Re: [openstack-dev] [Heat][Rant] About blank rechecks

2015-10-22 Thread Sergey Kraynev
On 22 October 2015 at 10:58, Thomas Herve  wrote:
> Hi all,
>
> You've seen me complain about people doing blank rechecks in Gerrit on IRC,
> and it seems it had little to no effect. So here I am trying to spread the
> word here. I'll try to stay calm.
>
> I'm seeing way too many rechecks on heat patches. It's not epidemic, but
> it's still enough to make me sad.
>
> First, it makes me sad as a developer. I don't know if it's just me, but one
> of the reason I code is curiosity, and debugging a gate failure is a great
> way to learn, pierce through the layers, and improve the situation.
>
> It then makes me sad as a team member.
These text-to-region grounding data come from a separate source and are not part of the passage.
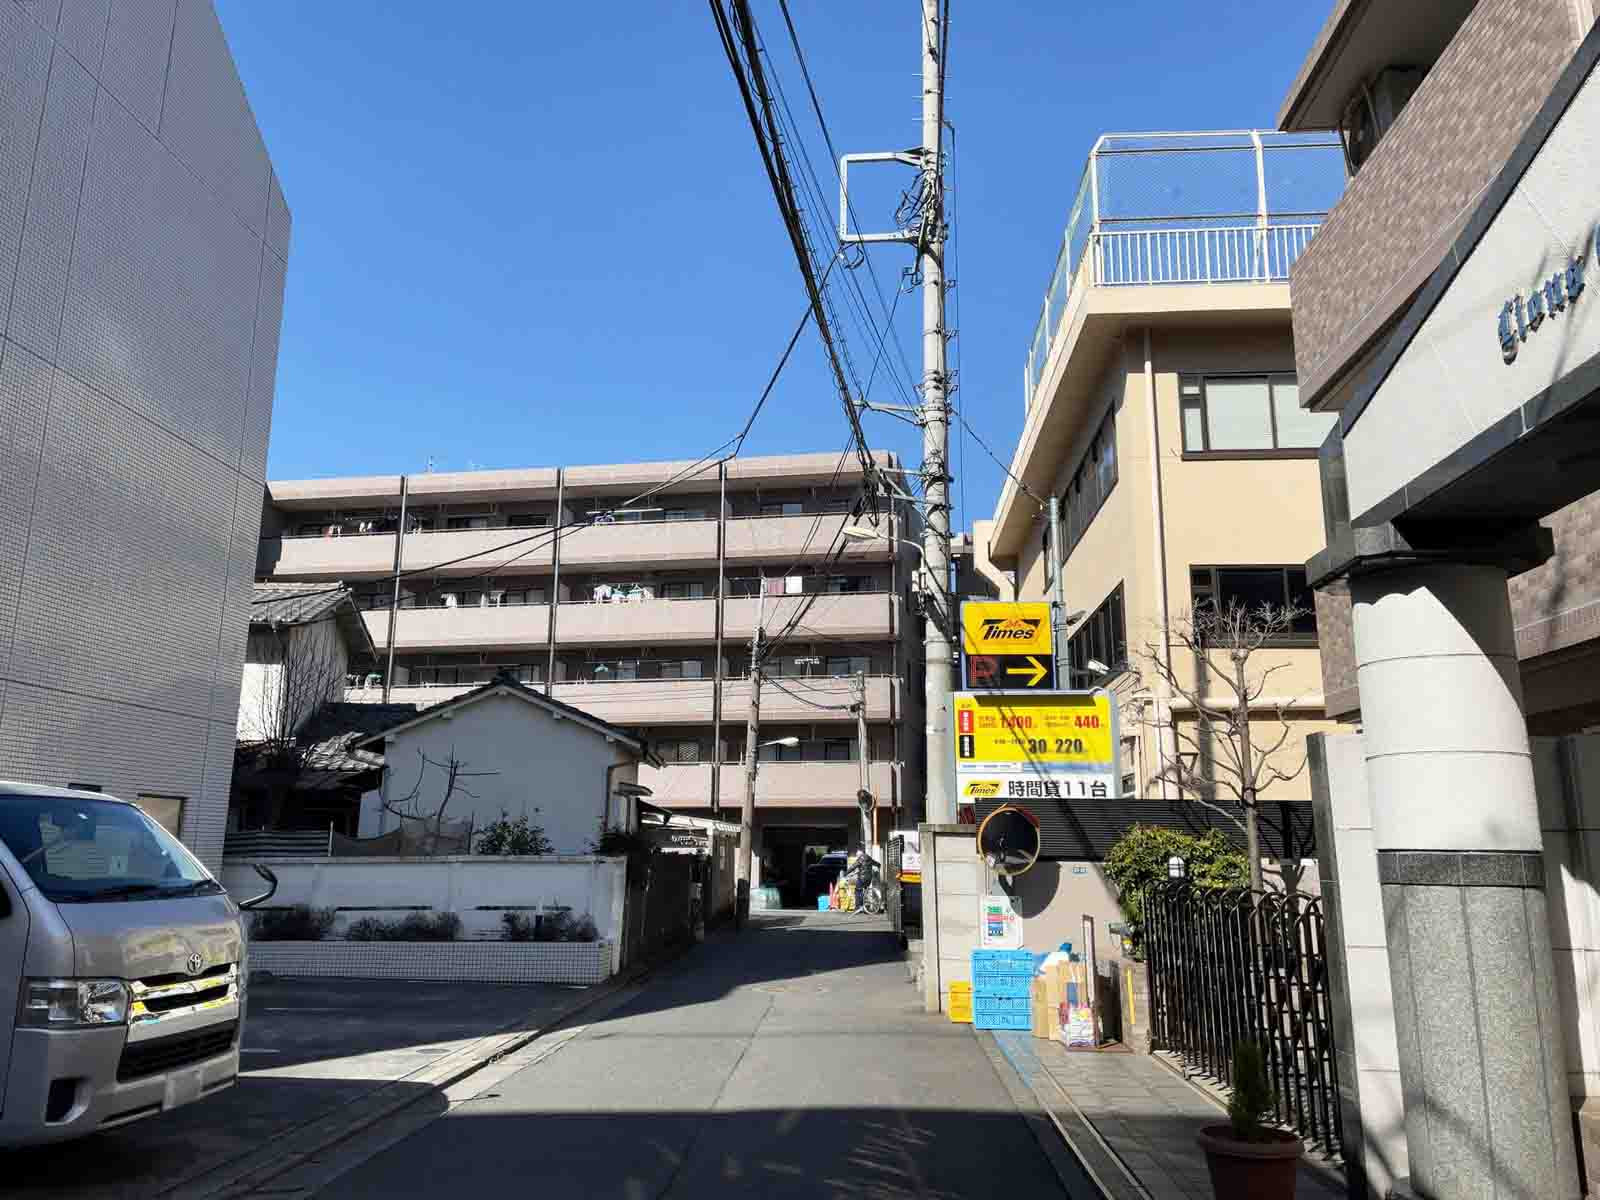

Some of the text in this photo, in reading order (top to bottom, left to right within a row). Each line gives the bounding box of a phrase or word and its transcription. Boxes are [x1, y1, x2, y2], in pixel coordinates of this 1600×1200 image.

[979, 618, 1040, 641] Times
[1074, 715, 1100, 729] 440
[1028, 738, 1048, 754] 30
[1055, 738, 1083, 754] 220
[969, 783, 1000, 796] Times
[1008, 780, 1107, 798] 時間貸11台
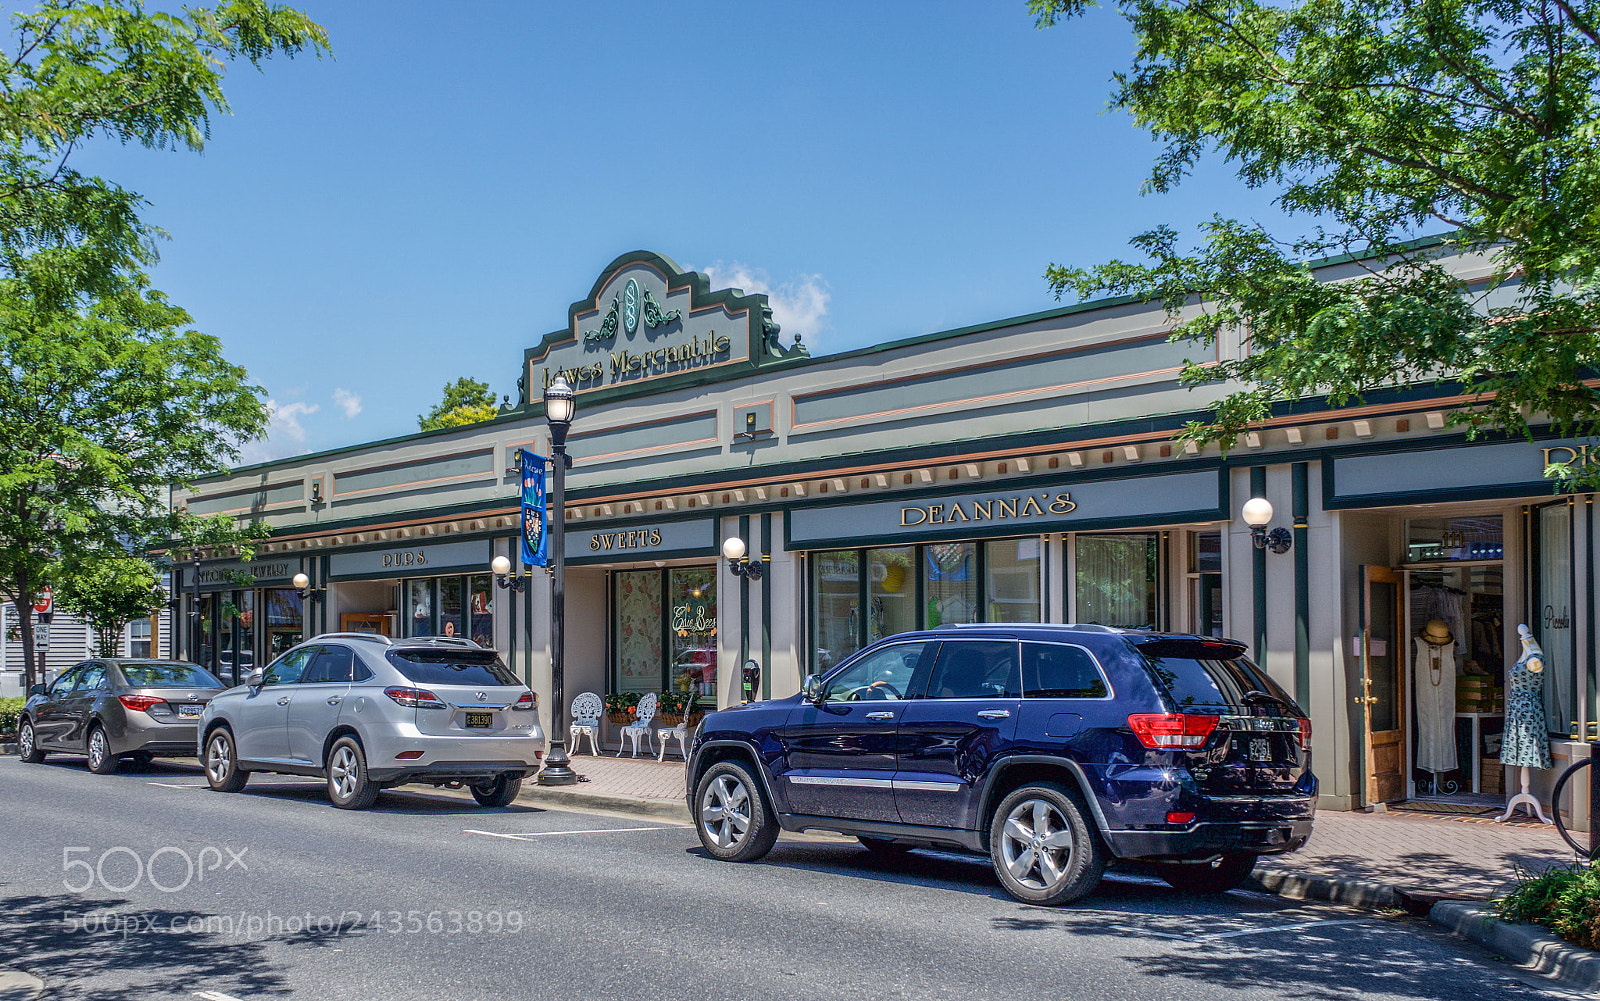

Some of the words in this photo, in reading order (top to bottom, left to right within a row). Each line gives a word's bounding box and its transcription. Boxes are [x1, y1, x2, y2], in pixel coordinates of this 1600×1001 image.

By doing a recheck you're basically
> implying that you don't care about the failure, and surely someone will care
> at some point. Except, the information will be lost, and we may have 100
> builds before that happen again, when a release already happened, and we
> have to backport it. Working early means working less.
>
> And finally, it makes me sad for the infra team. Doing a recheck is
> disrespecting all the work they're doing to create a reliable environment to
> run our tests. Sure, sometimes the environment is the reason the failure
> happens, but then it's even more important to give feedback about it. They
> provide a great deal of logs, we can use logstach to find patterns, the
> least we can do is trying. We're also using resources that other projects
> could be using. As much as we'd like to believe it, the cloud doesn't have
> free infinite resources.
>
> Recently, I've seen many cases where rechecks were made whereas:
> 1) The heat branch was broken. Generally for some external reason (a
> dependency updated), doing a recheck is a pure waste of resources until that
> failure is fixed. Most of the time, we say something on IRC when it's the
> case. We also try to open a bug, so looking at launchpad can show something.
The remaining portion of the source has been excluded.